April Fool’s Day (celebrated on April 1 all over the world), is also called All Fools’ Day. So, how did this odd, prank-centric holiday come to be celebrated in the first place, and why is it called April Fools’ Day?
According to History.com Some historians speculate that April Fools’ Day dates back to 1582, when France switched from the Julian calendar to the Gregorian Calendar as called for by the Council of Trent in 1563. In the Julian Calendar, as in the Hindu calendar, the new year began with the spring equinox around April 1. People who were slow to get the news or failed to recognize that the start of the new year had moved to January 1 and continued to celebrate it during the last week of March through April 1 became the butt of jokes and hoaxes and were called “April fools.” These pranks included having paper fish placed on their backs and being referred to as “poisson d’avril” (April fish), said to symbolize a young, easily caught fish and a gullible person.
Historians have also linked April Fools’ Day to festivals such as Hilaria (Latin for joyful), which was celebrated in ancient Rome at the end of March by followers of the cult of Cybele.
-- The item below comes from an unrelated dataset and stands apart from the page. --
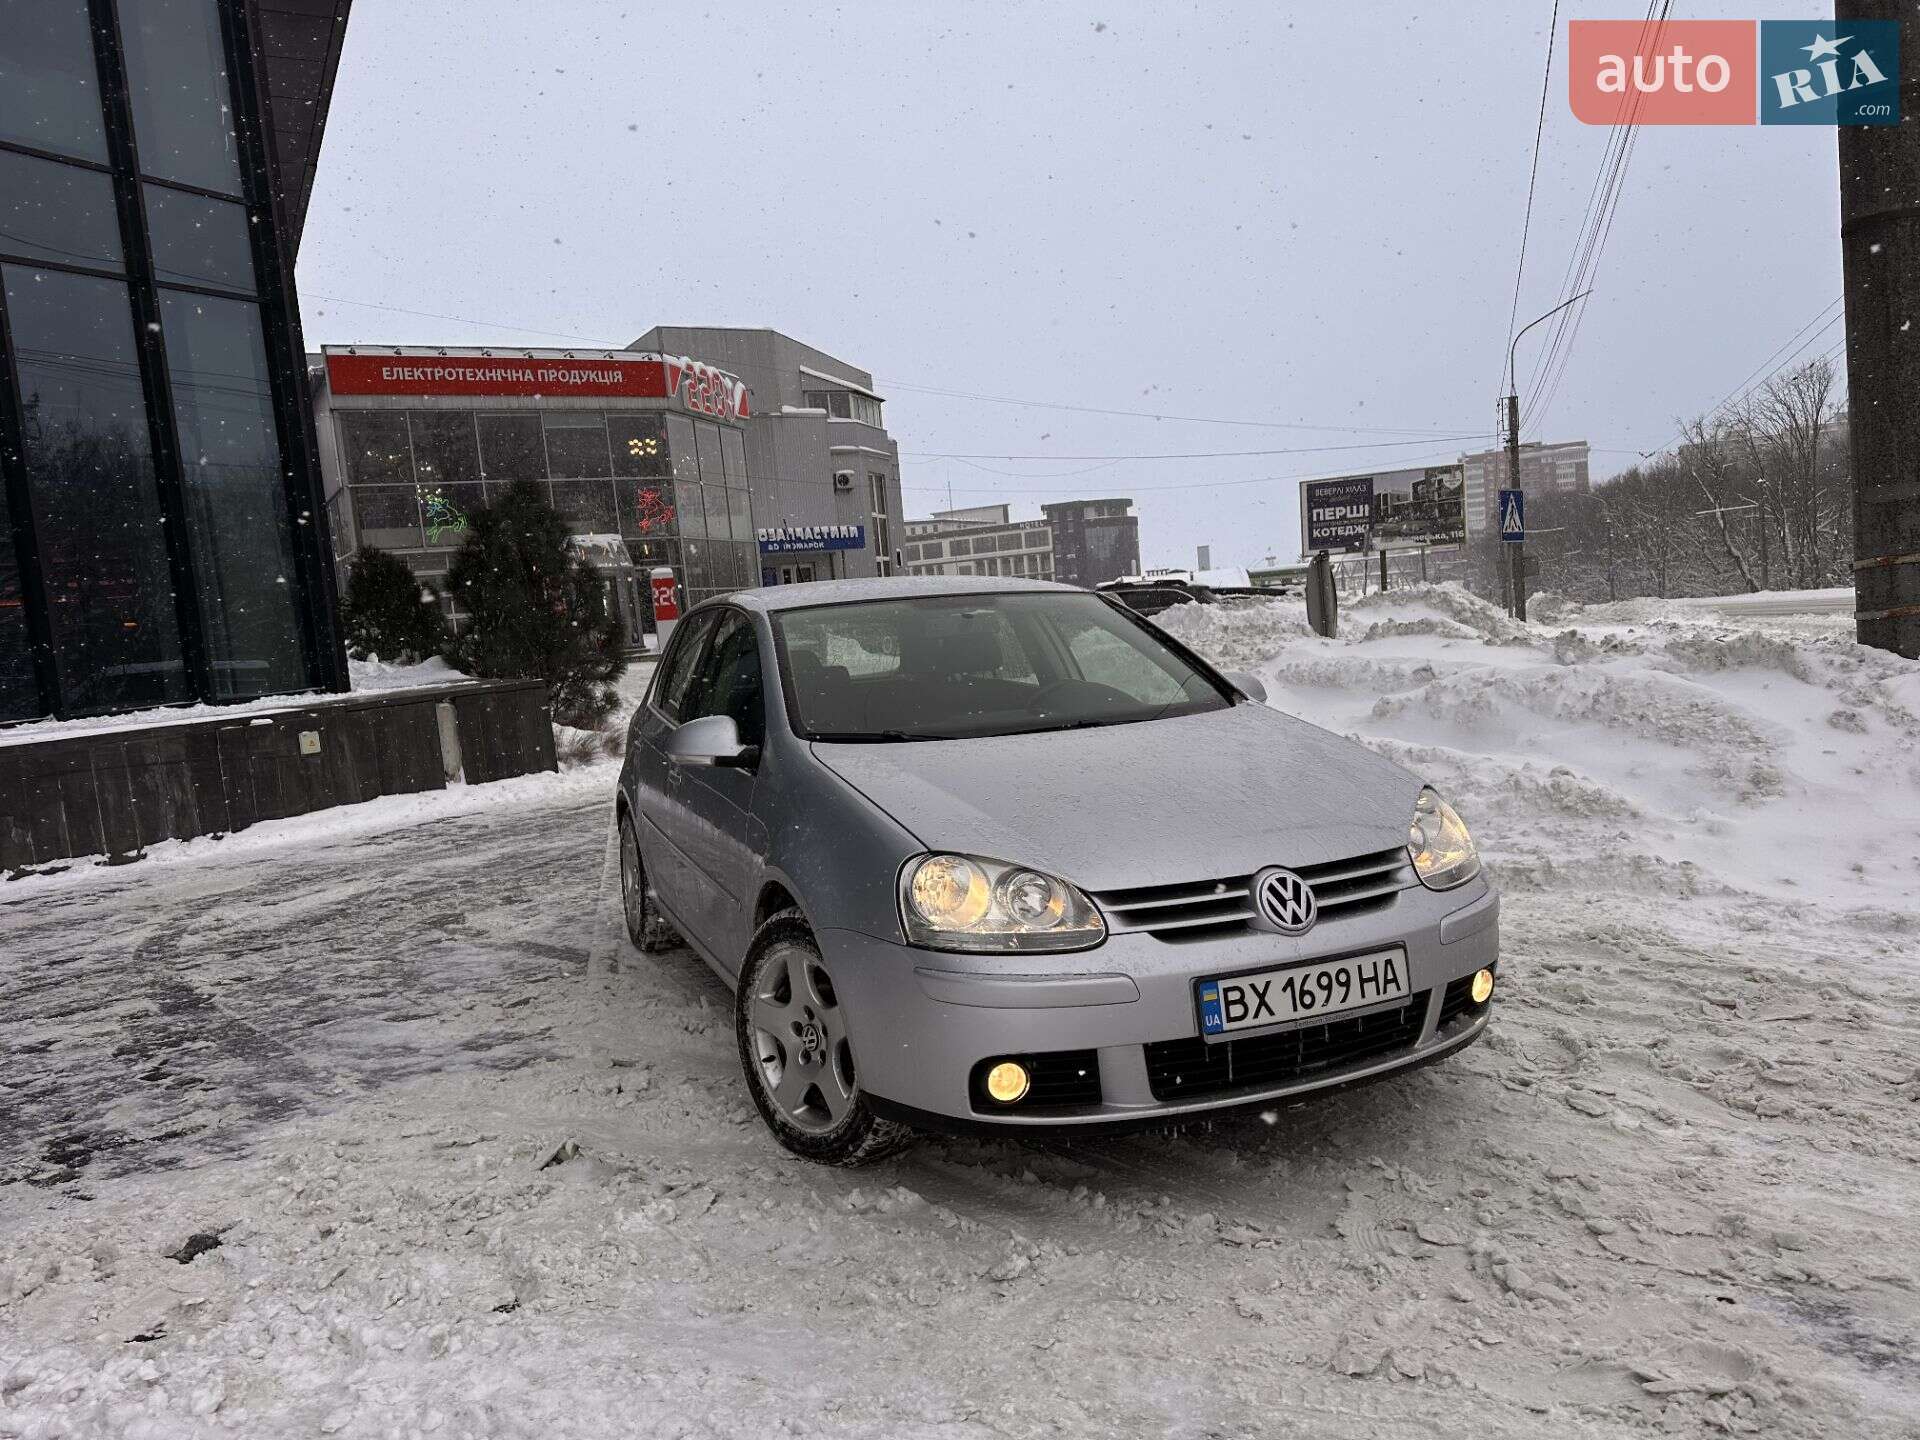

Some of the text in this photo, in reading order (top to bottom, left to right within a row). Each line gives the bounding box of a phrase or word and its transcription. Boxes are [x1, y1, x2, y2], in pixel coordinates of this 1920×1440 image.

It involved people dressing up in disguises and mocking fellow citizens and even magistrates and was said to be inspired by the Egyptian legend of Isis, Osiris and Seth.
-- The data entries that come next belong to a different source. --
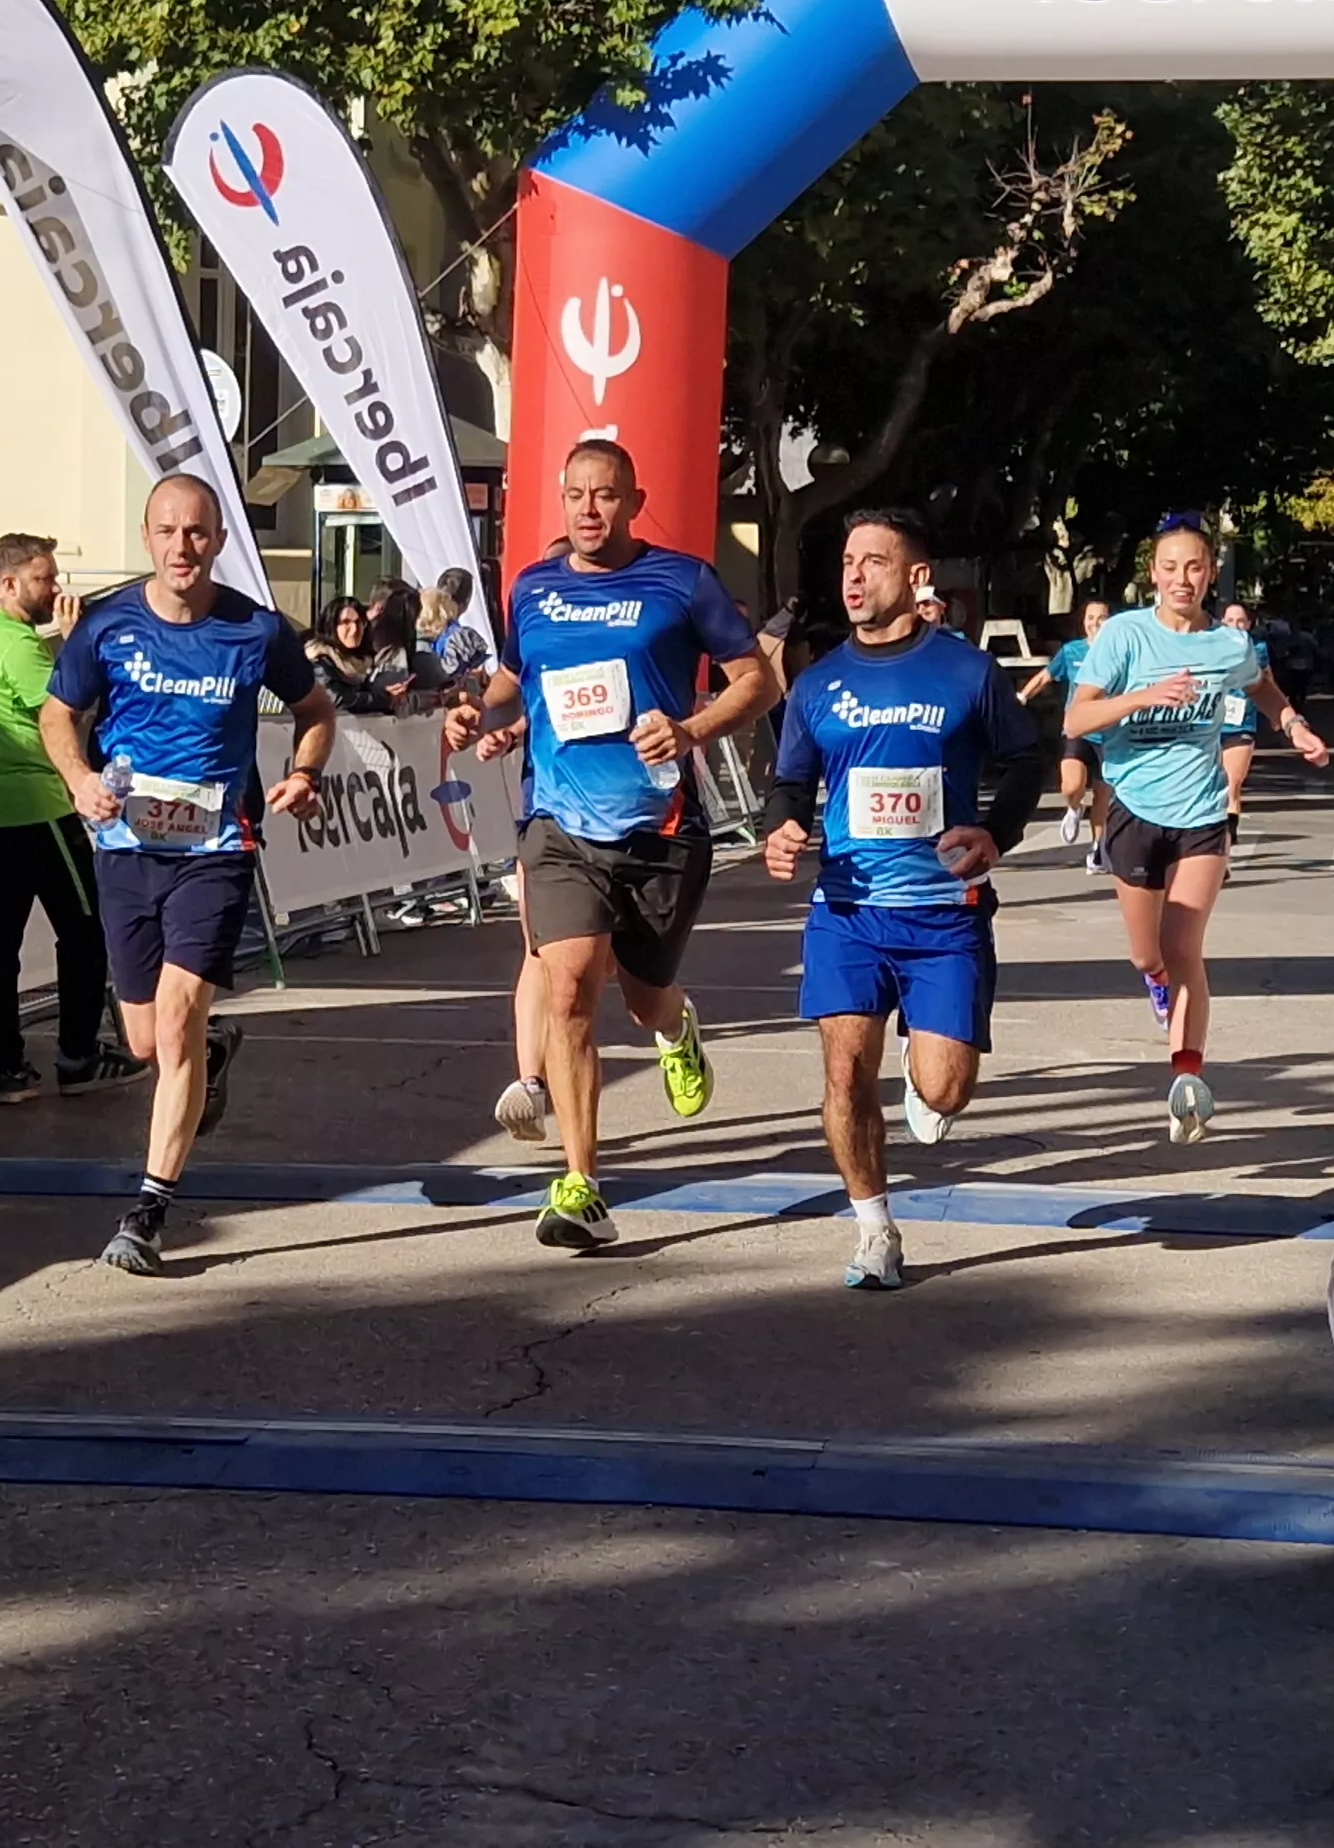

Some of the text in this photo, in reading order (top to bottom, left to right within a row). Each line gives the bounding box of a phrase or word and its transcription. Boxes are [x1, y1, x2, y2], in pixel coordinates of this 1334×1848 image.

[550, 600, 643, 623] CleanPill
[140, 671, 236, 698] CleanPill
[563, 683, 609, 709] 369
[847, 702, 946, 729] CleanPill
[146, 796, 197, 822] 371
[869, 792, 922, 814] 370
[871, 815, 921, 825] MIGUEL
Brazil celebrates April 1 as “Dia da Mentira“, or “Lie Day,” in which people try to fool their loved ones. Always for comedic effect, of course.
In Scotland, April Fools’ Day was traditionally called Gowk Day—gowk being another name for the cuckoo, a common symbol of the fool. Pranks continued into April 2, Tailie Day, when celebrants traditionally attach a “paper tail” (or a “kick me” sign) to their friends’ backs.